The last landscape -- Robert Paulson, professor emeritus at Southern Illinois University Carbondale, taught an outdoor landscape class for 30 years, keeping the class going even after he retired from the classroom. This was his last year to teach the class. He and his students are at Blueberry Hill Farm in Cobden. Photo by Russell Bailey Download Photo Here
May 28, 2008
Effort under way to continue landscape painting class
CARBONDALE, Ill. -- It looked like a group of people painting, but really it was the end of an era.

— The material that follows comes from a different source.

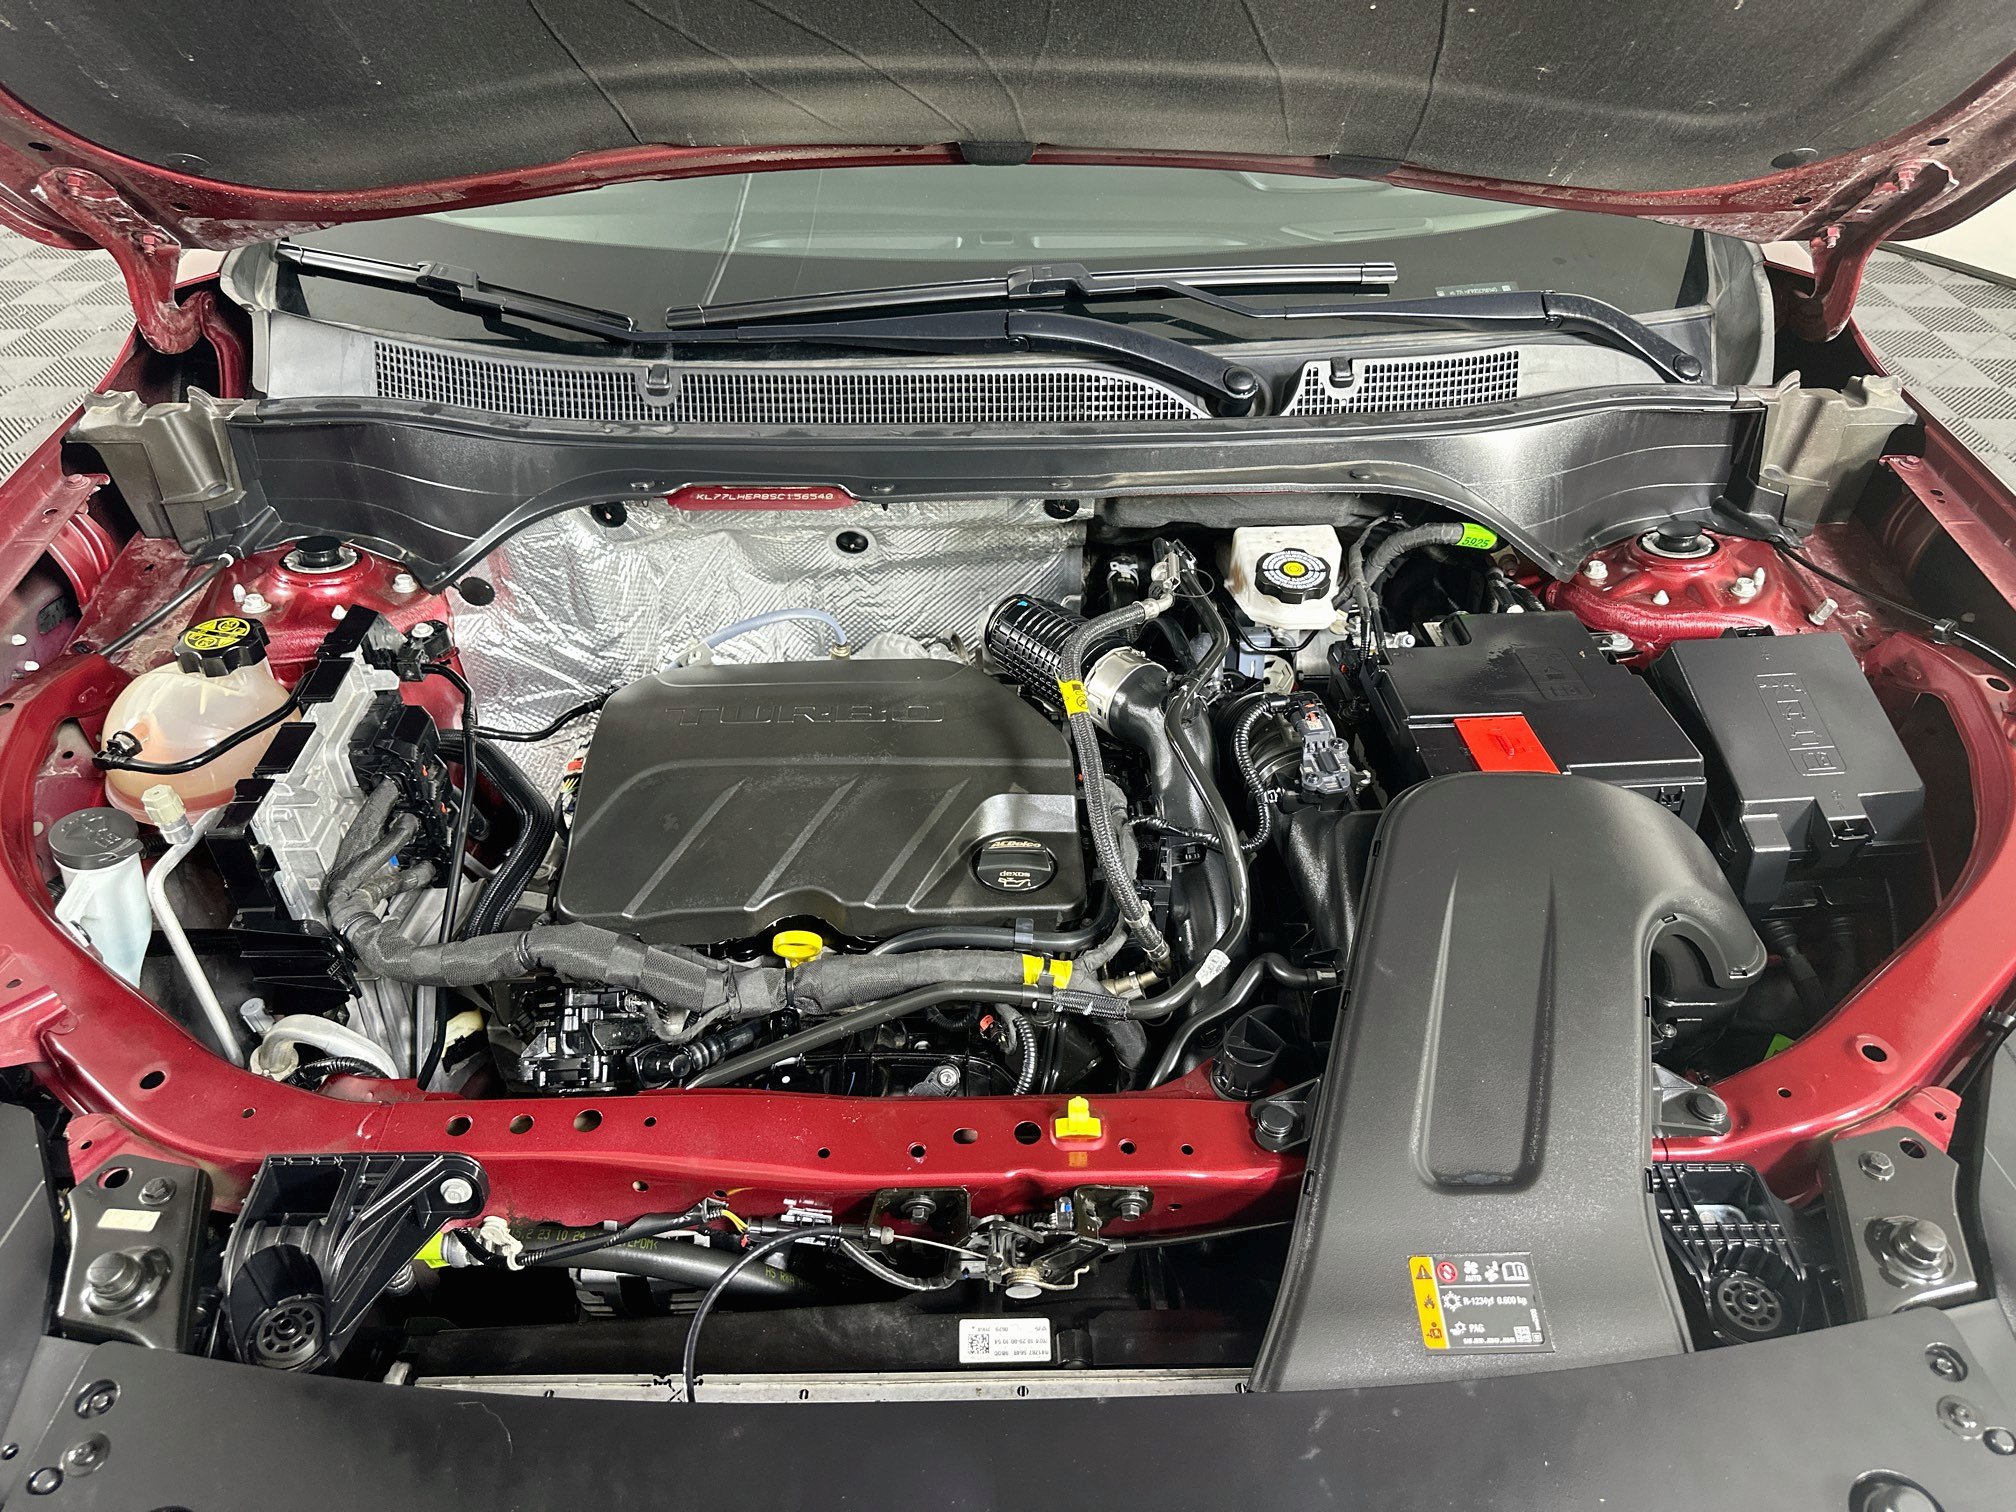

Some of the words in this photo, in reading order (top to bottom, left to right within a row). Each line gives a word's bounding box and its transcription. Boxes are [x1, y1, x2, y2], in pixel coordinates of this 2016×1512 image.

Southern Illinois University Carbondale Professor Emeritus Robert Paulson taught his Plein Air Landscape Painting class for the last time this May. He invited alumni of the class to come back for a last reunion. And, come they did -- from Philadelphia and Brooklyn, St. Louis and Houston and Chicago and elsewhere, some of them for the whole two weeks, some for just a week and several at a time crashing at Paulson's house. And undergraduate students took the class, too, alternately enjoying and feeling intimidated by the "sink or swim" nature of the two-week crash course in landscapes. In all, 55 students registered for the course.
Paulson is leaving the area soon, moving to Peoria to be near his family and to see his grandchildren grow. But he wants the class to go on without him.
"We're trying to create a trust to continue the class," he said between brush strokes at Blueberry Hill in Cobden. "Ideally, we'd like to hire a painter to teach the class -- like an endowed position. For a full-time position, it takes about $1 million. But we just want someone for two weeks each year. That should take a few thousand dollars."
This year, students, albeit sometimes reluctantly, donated paintings created during the two- week course for a silent auction and exhibition. And naturally they are still taking donations. Contact the School of Art and Design at SIUC to donate -- call 618/453-4315 or email Valerie Brooks at vlbrooks@siu.edu for more information.
So what's the big deal about an outdoor landscape painting class? According to the alumni, it's not something widely available. According to the undergraduates, it's a class that challenged them in unexpected ways. Green, for example.
"There's a lot of information (in the landscape). There's a lot of green. You have to sort it out. Sometimes you can get lost in the foliage," Brian Smith said. Smith earned his bachelor of fine arts degree from SIUC in 2002. He lives in Brooklyn, N. Y., now, where he paints and uses his carpentry skills to, as he says, "build frames for famous painters."
"This class is really unique -- I haven't encountered anything like this," Serena Perrone, a 1993 triple-major (painting, art history and French) SIUC alumna now in Philadelphia, said. Perrone teaches at the Tyler School of Art at Temple University in Pennsylvania and recently began working with an art dealer who is placing her work in major collections, including private collections.
"I came back and took the class in 2002 after I graduated," she said, noting that she became friends with Smith then -- a friendship they still share. "You really have to synthesize what you are looking at, you have to focus in a different way than with a still life or a portrait. There aren't a lot of rigid structures (in this view) and so it's a lot more subjective. It definitely takes training to make a good landscape."
Perrone said she knows now more than ever that she got that needed training at SIUC.
"While I was here, I wasn't sure how strong the program really was," she said. "Once I got out into other art communities, I realized how strong it was."
Paulson himself summed it up neatly. "They all start out sort of confused -- you have to sort it all out. And then the light changes. Just by painting a lot -- that's how they learn."
And of course there are worse places to take a class than nestled in the gentle hills of a Cobden berry farm or atop a bluff in Alto Pass.
"There is something about having that tranquil time," Perrone said. "I want to have a few paintings to take home with me."